With the last Bestfriend Telecard, Dorapin demands Dr. Achimoff release Mimimi, but Achimoff instead shocks him and reveals his intent to control Dorapin. Dorapin, believing in justice, plans to transform Achimoff into a gold statue. He uses the Justice card to remove Achimoff's golden tooth, freeing Mimimi. Achimoff escapes, and Dorapin frees the Doraemons with the Statue Stake. Dorapin and Dora-med III reunite, with Dora-med III affirming his trust in Dorapin, who credits the Justice tarot card. Mimimi is relieved that Dora-rinho is safe, though he is confused. Dr. Achimoff expels everyone into space, transforming the Achimoff Machine into a robot. The group, riding on Ed, worries about how to fight without their gadgets. Dorapin explains his hat protects against electromagnetic waves and allows him to use his gadgets. Dora-the-Kid urges Dorapin to escape with Mimimi while he and his team confront Dr. Achimoff. However, they realize they need to fuse to use their gadgets effectively. The Doraemons and Dorapin unite to confront Dr. Achimoff, who possesses the Bestfriend Telecards and claims the Achimoff Robot is unbeatable. The robot attacks, but Doraemon uses a Pass Loop to evade it, while Dora-the-Kid blasts off a portion of its hand with his Air Cannon. El Matadora deflects a drill attack, damaging the robot's chest. Dora-nichov melts another hand with fire, and Wang Dora strikes the robot's head. Dora-med III attempts to dismantle it, but Dr. Achimoff spins the robot to threaten them. Mini-Doras emerge from Dora-rinho's pocket, retrieve the Telecards, enabling the team to defeat the Achimoff Robot and Dr. Achimoff.

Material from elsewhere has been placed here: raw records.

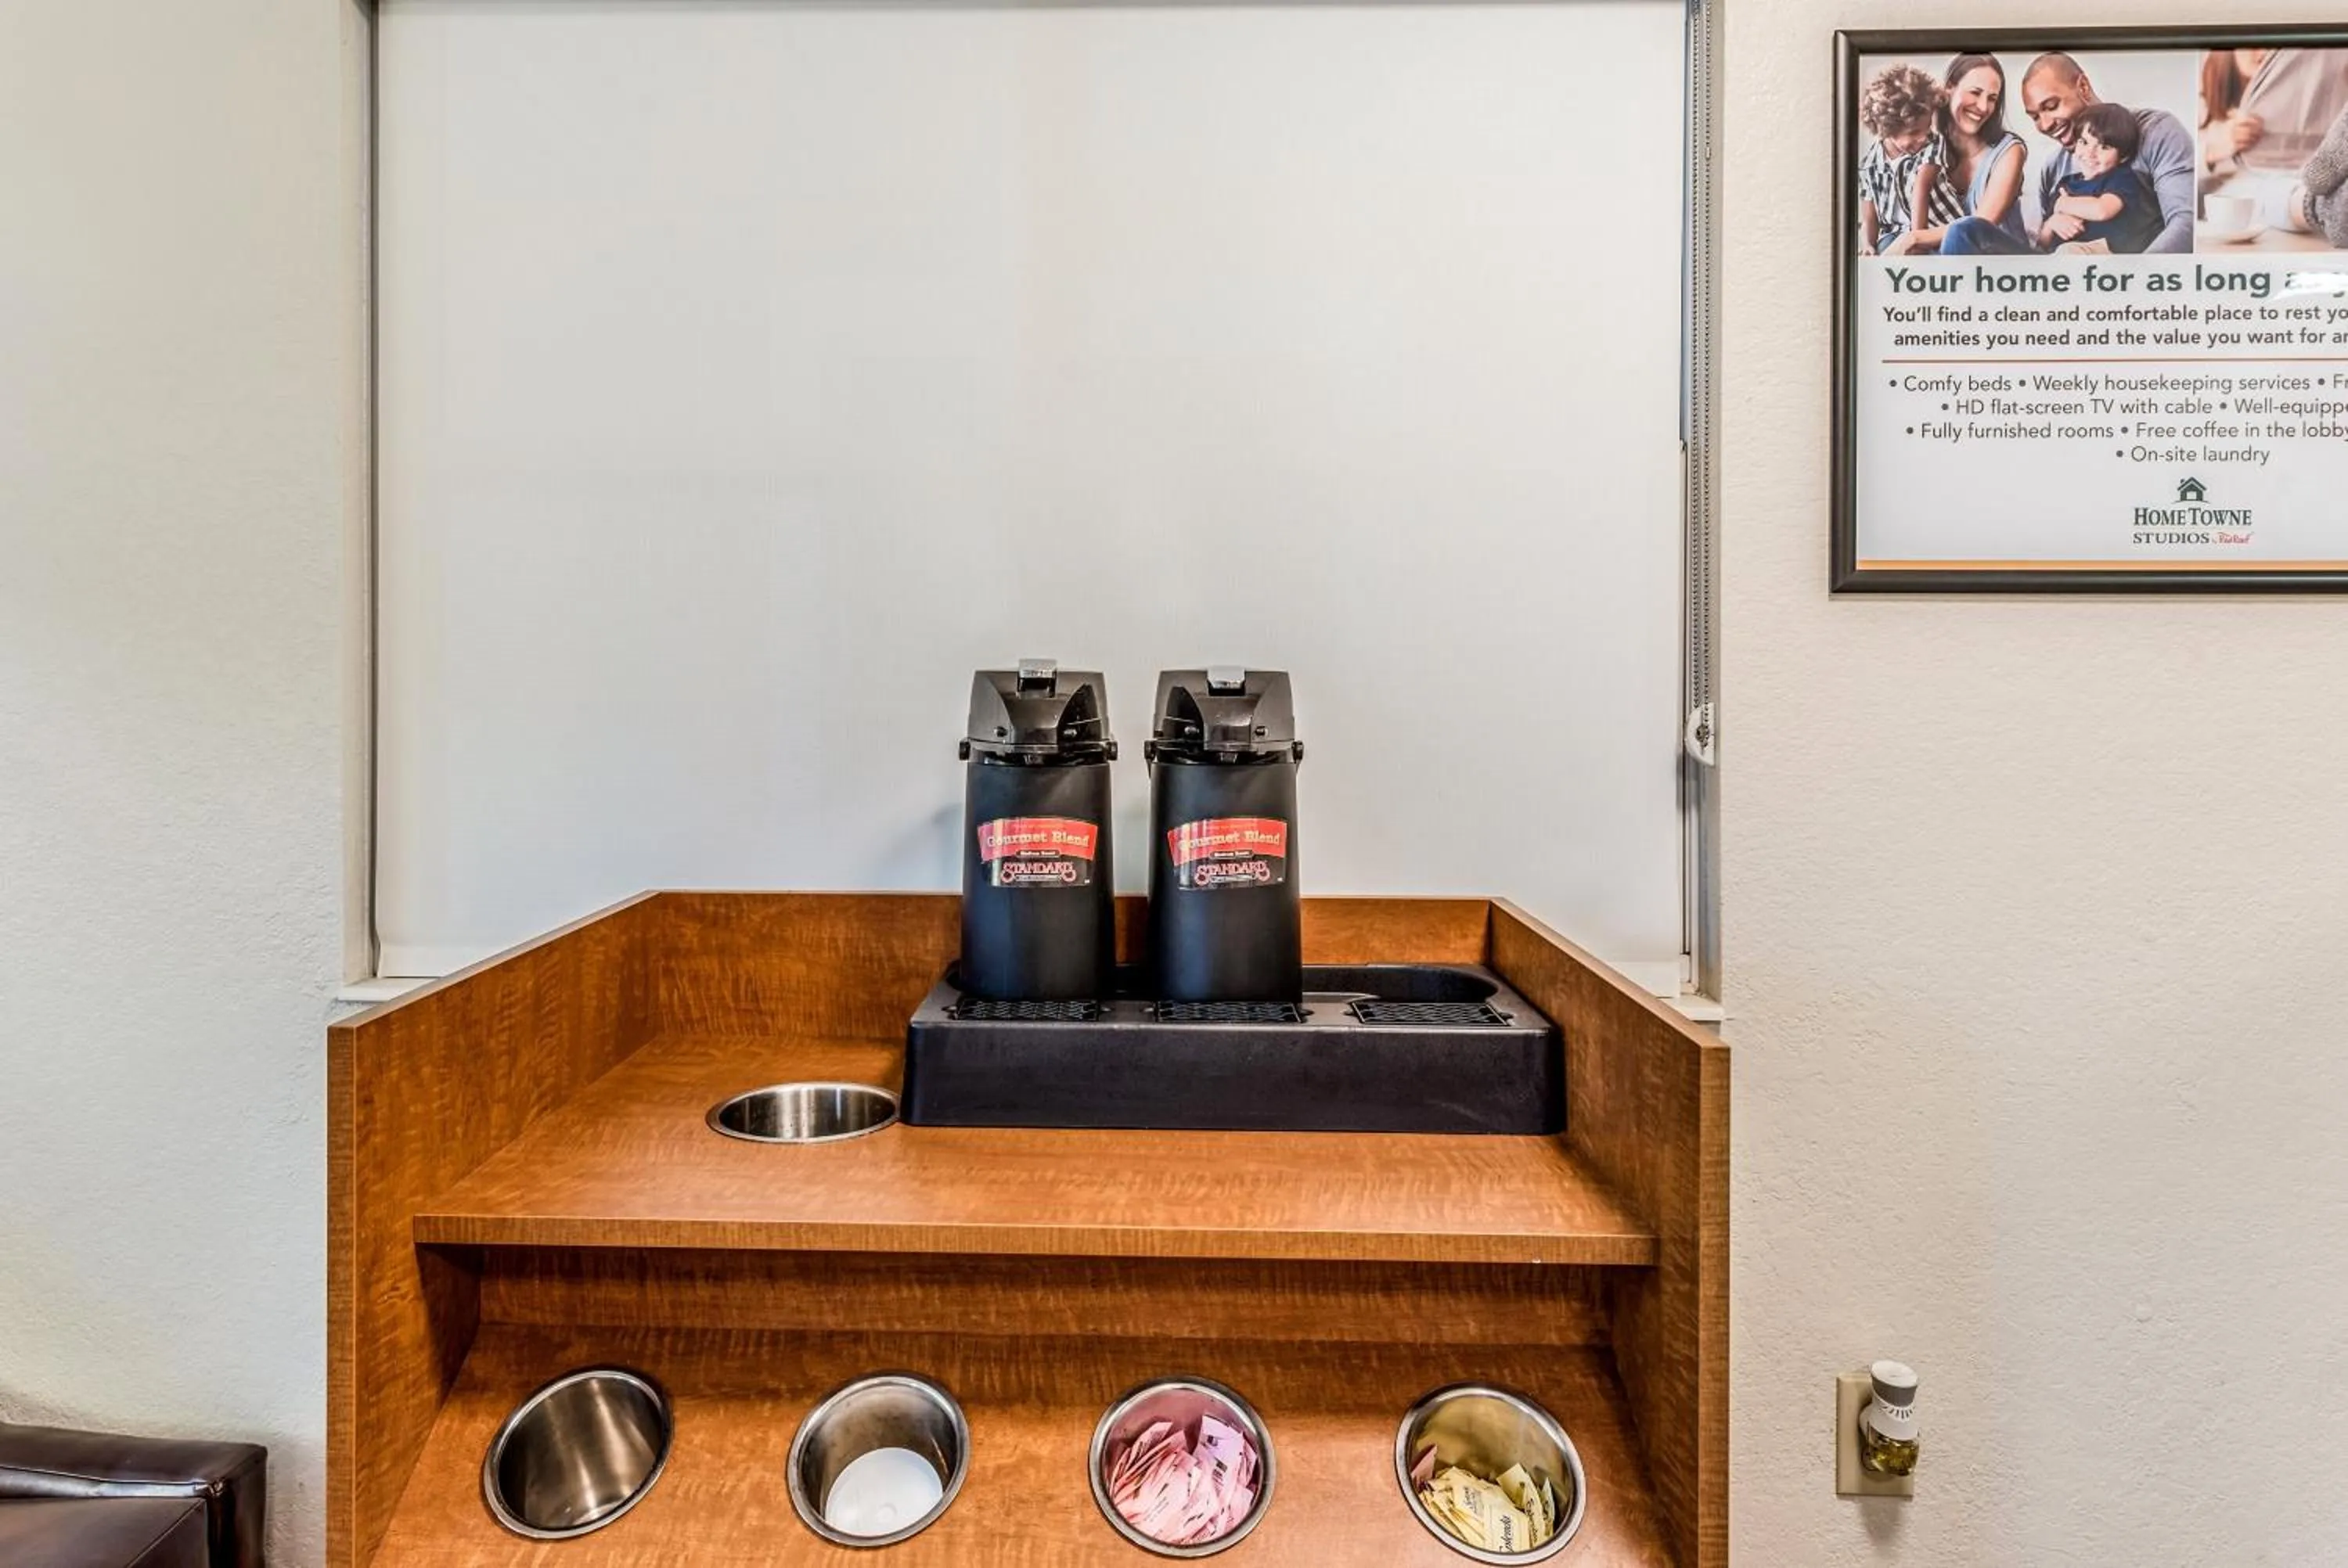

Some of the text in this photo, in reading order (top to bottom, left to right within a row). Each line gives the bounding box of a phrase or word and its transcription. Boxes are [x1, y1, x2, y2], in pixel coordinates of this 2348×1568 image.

[1885, 267, 1964, 293] Your
[1975, 265, 2070, 293] home
[2083, 264, 2134, 292] for
[2146, 272, 2182, 292] as
[2196, 264, 2271, 298] long
[1882, 305, 1931, 322] You'll
[1937, 305, 1972, 322] find
[1979, 310, 1989, 322] a
[1994, 305, 2040, 322] clean
[2047, 305, 2080, 322] and
[2086, 304, 2198, 322] comfortable
[2206, 304, 2253, 324] place
[2259, 306, 2279, 320] to
[2285, 306, 2321, 320] rest
[1893, 330, 1980, 346] amenities
[1986, 334, 2019, 349] you
[2026, 329, 2070, 345] need
[2076, 329, 2109, 345] and
[2116, 329, 2146, 344] the
[2152, 328, 2201, 344] value
[2207, 333, 2241, 348] you
[2247, 330, 2294, 343] want
[2299, 327, 2326, 343] for
[1903, 375, 1962, 396] Comfy
[1969, 376, 2011, 392] beds
[2033, 375, 2098, 396] Weekly
[2105, 374, 2232, 396] housekeeping
[2239, 374, 2310, 391] services
[1957, 399, 1984, 415] HD
[1990, 398, 2083, 415] flat-screen
[2090, 397, 2115, 414] TV
[2120, 397, 2158, 414] with
[2165, 397, 2213, 414] cable
[1921, 422, 1962, 443] Fully
[1968, 422, 2051, 438] furnished
[2058, 426, 2113, 438] rooms
[2137, 423, 2176, 437] Free
[2183, 421, 2238, 437] coffee
[2245, 421, 2260, 437] in
[2267, 421, 2296, 437] the
[2130, 444, 2270, 466] On-site laundry
[2133, 532, 2209, 544] STUDIOS
[987, 830, 1089, 847] Gourmet Blend
[1244, 830, 1280, 845] Blend
[1001, 861, 1076, 883] STANDARD
[1194, 861, 1270, 886] STANDARD
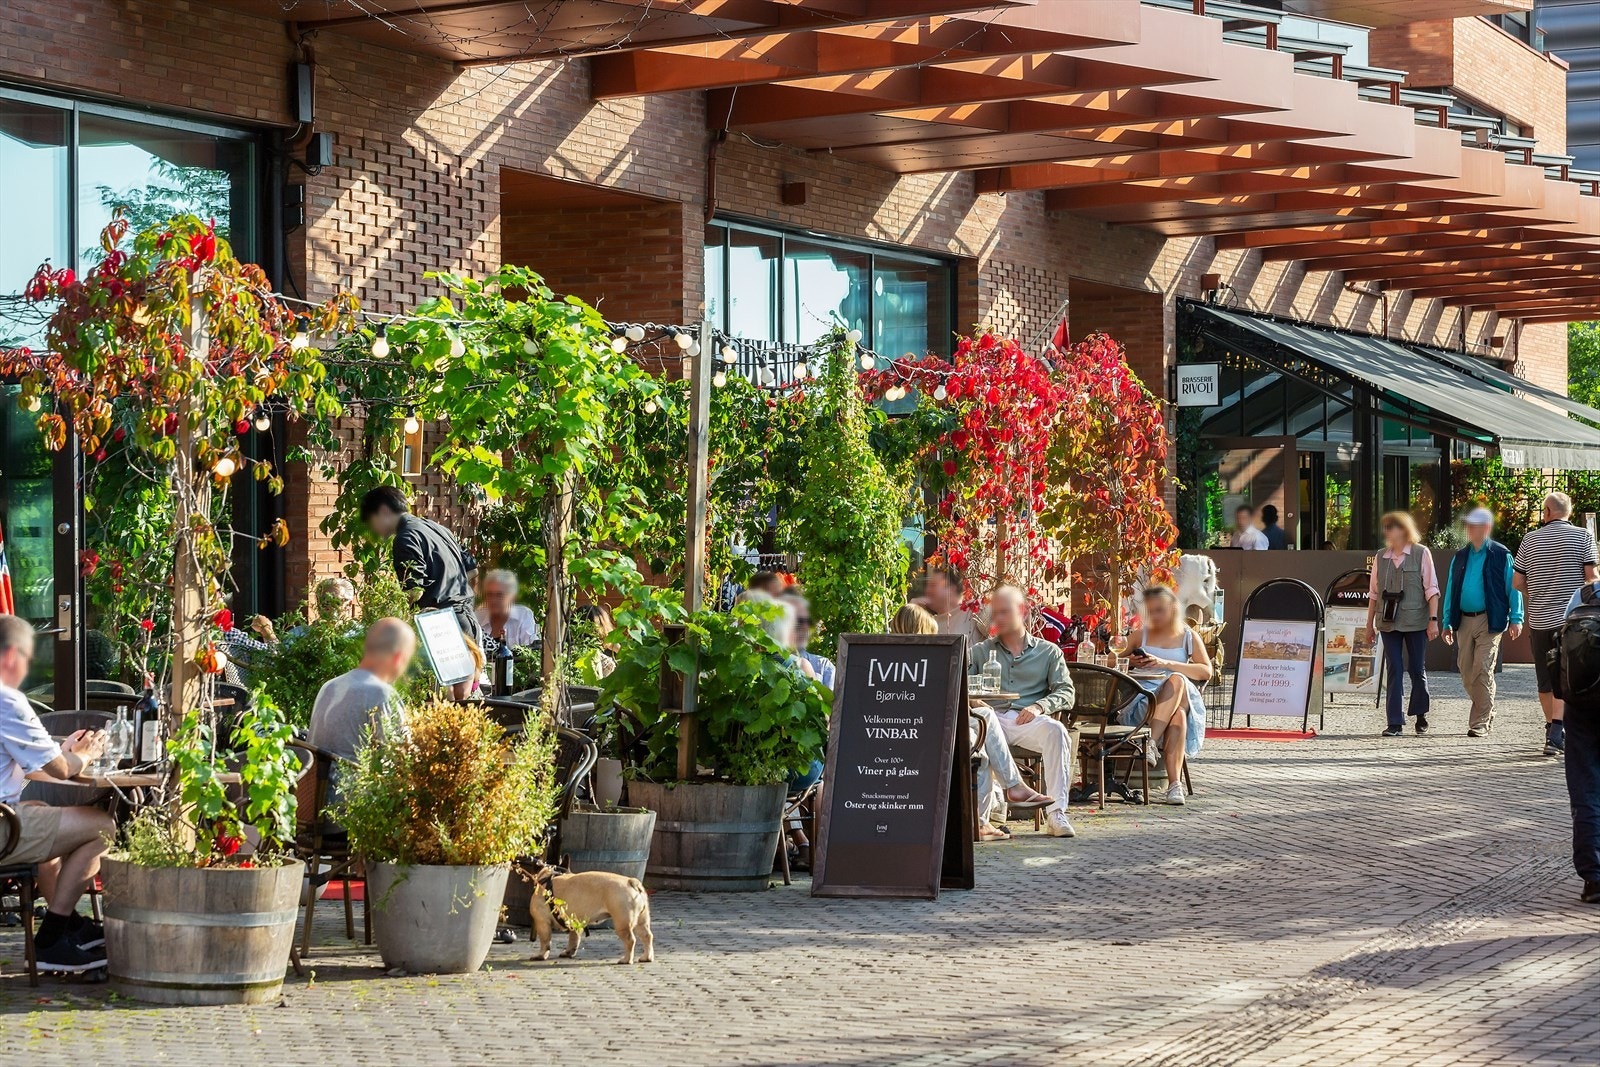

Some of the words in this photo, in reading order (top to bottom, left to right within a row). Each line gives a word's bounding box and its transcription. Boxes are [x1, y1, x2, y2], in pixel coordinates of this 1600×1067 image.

[1182, 383, 1213, 394] RIVOLI
[868, 658, 928, 687] [VIN]
[1251, 678, 1257, 686] 2
[1257, 678, 1269, 686] for
[876, 690, 916, 703] Bjørvika
[863, 715, 911, 724] Velkommen
[913, 716, 924, 726] på
[865, 728, 918, 739] VINBAR
[857, 766, 883, 775] Viner
[885, 767, 897, 777] på
[898, 767, 919, 777] glass
[861, 792, 896, 800] Snacksmeny
[844, 800, 866, 809] Oster
[878, 801, 907, 810] skinker

The Doraemons return to Earth in France via Doraemon's Anywhere Door, trampling him upon entry. Robot police arrest Dr. Achimoff. The group celebrates, but Dorapin escapes arrest from the Time Patrol. Meanwhile, Mimimi, Doraemon, Dora-med III, and Wang Dora gaze at the sky while Dora-nichov growls around, Dora-the-Kid and Ed talk, El Matadora relaxes, and Dora-rinho plays. Dorapin flies from the Time Patrol, holding the Justice card and vows to never forget the Doraemons.

==Cast==

| Character | Japanese voice actor |
|---|---|
| Dora-med III | Masaharu Satō |
| Dora-rinho | Mie Suzuki |
| Dorapin | Akira Kamiya |
| "Principal Teraodai" | Ichirō Nagai |
| Mimimi | Rei Sakuma |
| Dr. Achimoff | Banjō Ginga |
| Doraemon | Nobuyo Ōyama |
| Dora-the-Kid | Keiichi Nanba |
| El Matadora | Ryūsei Nakao |
| Wang Dora | Megumi Hayashibara |
| Dora-nichov | Toshiharu Sakurai |
| Mini-Doras | Rei Sakuma |

==Soundtrack==
===Theme song===
- "Because We Are Friends '97" (友達だから'97)
Lyrics: Tetsuya Takeda / Composition: Yasuyo Yamaki / Arrangement: Masae Sagara / Vocals: Satoko Yamano, Morinoki Children Choir

==Release==
The short film was released theatrically in Japan on a double feature with Doraemon: Nobita and the Spiral City on March 8, 1997.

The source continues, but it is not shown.